When the income tax rates are lowered, Quirmbach said the Republicans will use the surplus to cover any shortfalls, but the money will run out eventually.

“Of the $2 billion of the so-called surplus this year, three-quarters of that comes from shortchanging education over the last six years,” Quirmbach said, “[…] I don’t know how we get out of this without having a real fiscal calamity.”

State Rep. Beth Wessel-Kroeschell of District 39, a Democrat, said there is $3 million in taxpayer relief, and it is time the state actually returns those dollars to the taxpayers by spending it on improving roads and education.

“We do have a significant amount of your tax dollars sitting in our account right now,” Wessel-Kroeschell said. “In many ways, I think we should all be pretty disturbed about that, especially since we have not been funding your priorities.”

Property taxes are based on the assessed value of a house. If the assessment appears inaccurate, then the house owner can file an appeal. Just over half the assessed value is taxed. The tax rate is based on the levy rate, in which schools, cities and counties receive the bulk for operational expenses.

Each of those taxing entities charges a certain percentage of the taxable evaluation. Quirmbach said the rollback that would apply to future taxes could go down to 46%, but it is still unclear what the taxable value will be. Quirmbach said when the tax base is growing faster than the taxing entities need for revenue, then the levy rate should be lower.

“To see what’s going to happen with your tax bill, that’s still a question that is in process,” Quirmbach said. “Talk to you local officials; property tax is a local tax. If you don’t think it’s appropriate to suspend anymore, tell them that they need to reduce the levy rate to offset the increase in the assessed valuation.”

When the tax rate goes up, the county and cities look at how much they need to function. Schools have a uniform levy rate, which is $5.40 per $1000 of table valuation. This rate is set by the state’s education formulas. Paying for K12 education is a combination of state aid and property tax.

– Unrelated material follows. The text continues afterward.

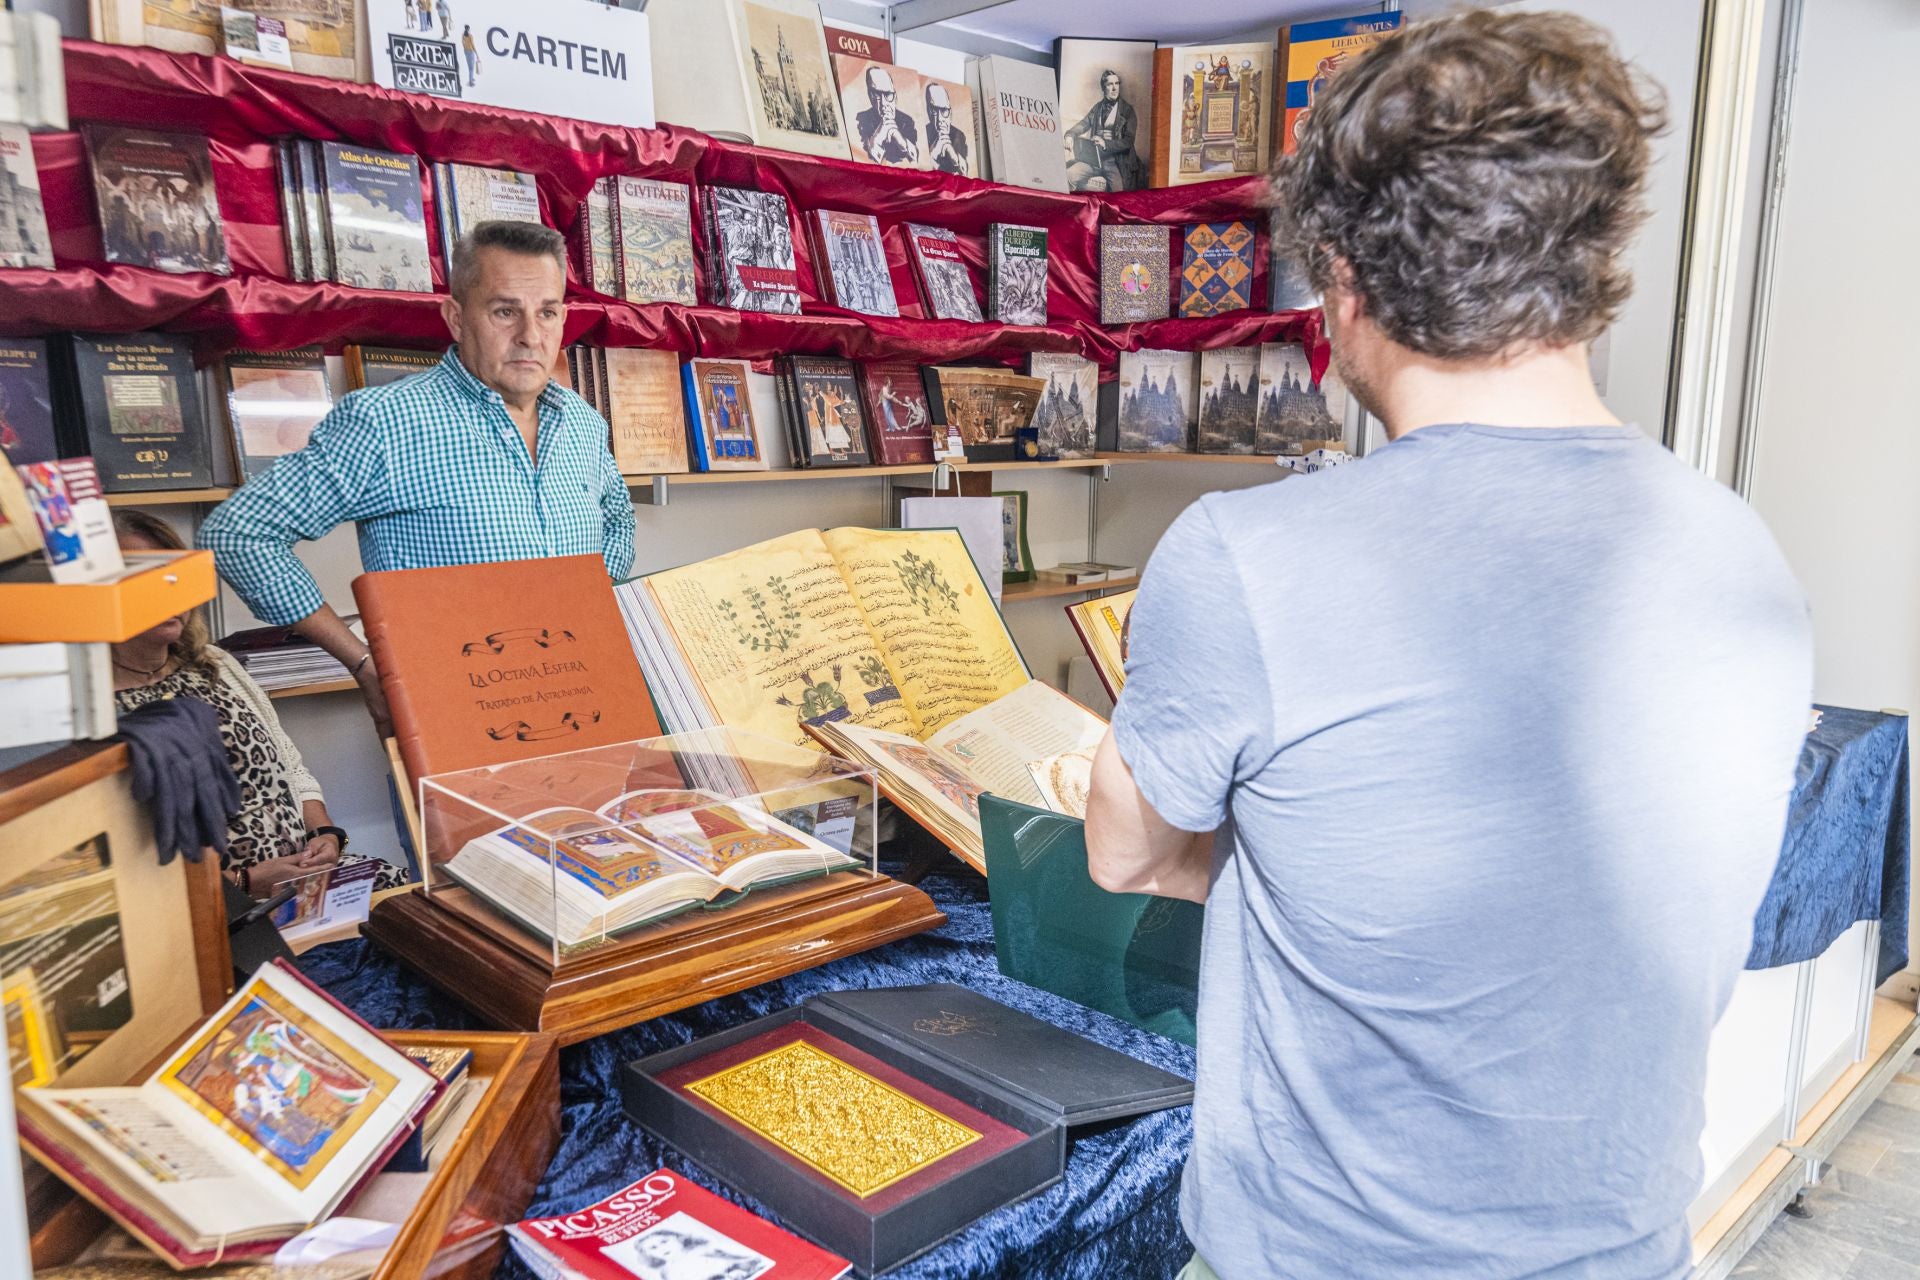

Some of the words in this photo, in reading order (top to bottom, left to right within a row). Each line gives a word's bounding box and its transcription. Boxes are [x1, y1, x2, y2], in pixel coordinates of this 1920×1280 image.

Green said the state ranks 40th in the nation for property taxes, and to him that is unacceptable. The state House and Senate have differing bills on how to reform Iowa’s property tax.

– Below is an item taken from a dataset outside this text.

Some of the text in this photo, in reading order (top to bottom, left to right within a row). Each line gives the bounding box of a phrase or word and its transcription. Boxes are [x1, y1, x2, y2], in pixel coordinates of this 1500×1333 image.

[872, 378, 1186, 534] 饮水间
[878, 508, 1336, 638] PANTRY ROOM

Restructuring of state agencies

Republican Gov. Kim Reynolds also proposed legislation to restructure the state government, combining 37 executive-level cabinet agencies into 16, according to the Iowa Capital Dispatch. Dispatch also reported that Reynolds used pandemic relief funds to pay for consulting from an out-of-state company for the plan.

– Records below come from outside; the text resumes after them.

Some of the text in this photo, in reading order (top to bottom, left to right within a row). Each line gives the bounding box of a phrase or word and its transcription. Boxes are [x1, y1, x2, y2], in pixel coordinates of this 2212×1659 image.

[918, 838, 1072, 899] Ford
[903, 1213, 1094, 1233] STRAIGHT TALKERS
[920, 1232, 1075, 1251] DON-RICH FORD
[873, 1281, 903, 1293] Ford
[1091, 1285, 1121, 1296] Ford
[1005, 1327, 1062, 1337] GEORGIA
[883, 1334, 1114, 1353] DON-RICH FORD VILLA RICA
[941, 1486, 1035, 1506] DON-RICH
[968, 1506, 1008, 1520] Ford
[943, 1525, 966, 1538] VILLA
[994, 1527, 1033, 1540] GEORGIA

Wessel-Kroeschell said the 1,500-page plan did not receive a thorough analysis. In 2022, the Department of Public Health and the Department of Human Services were combined into one entity. Wessel-Kroeschell said while the director of the Department of Health and Human Services is a talented administrator, the department is now huge.

“There were problems with DHS in the beginning,” Wessel-Kroeschell said. “I am not sure putting more under one roof is the answer to solving our problems, especially without thorough analysis.”

As a general principle, Quirmbach said a review of departments is appropriate, but he does not think this review incorporated enough public involvement to properly meet the needs of the public.

“You should have been doing this over at least a five-year, maybe 10-year period,” Quirmbach said. “Instead, it is all being jammed through at once. There’s a lot more power concentrated in the governor’s office, that’s for sure, and a lot of people think that is the main point of it [the restructure].”

Green said if the federal government can function with 13 cabinets, then the state can operate with 16 directors.

“This didn’t just happen overnight, there was a lot of work during the offseason to make sure this realignment is going to save the taxpayers $200 million,” Green said. “So I am really proud of the governor on this.”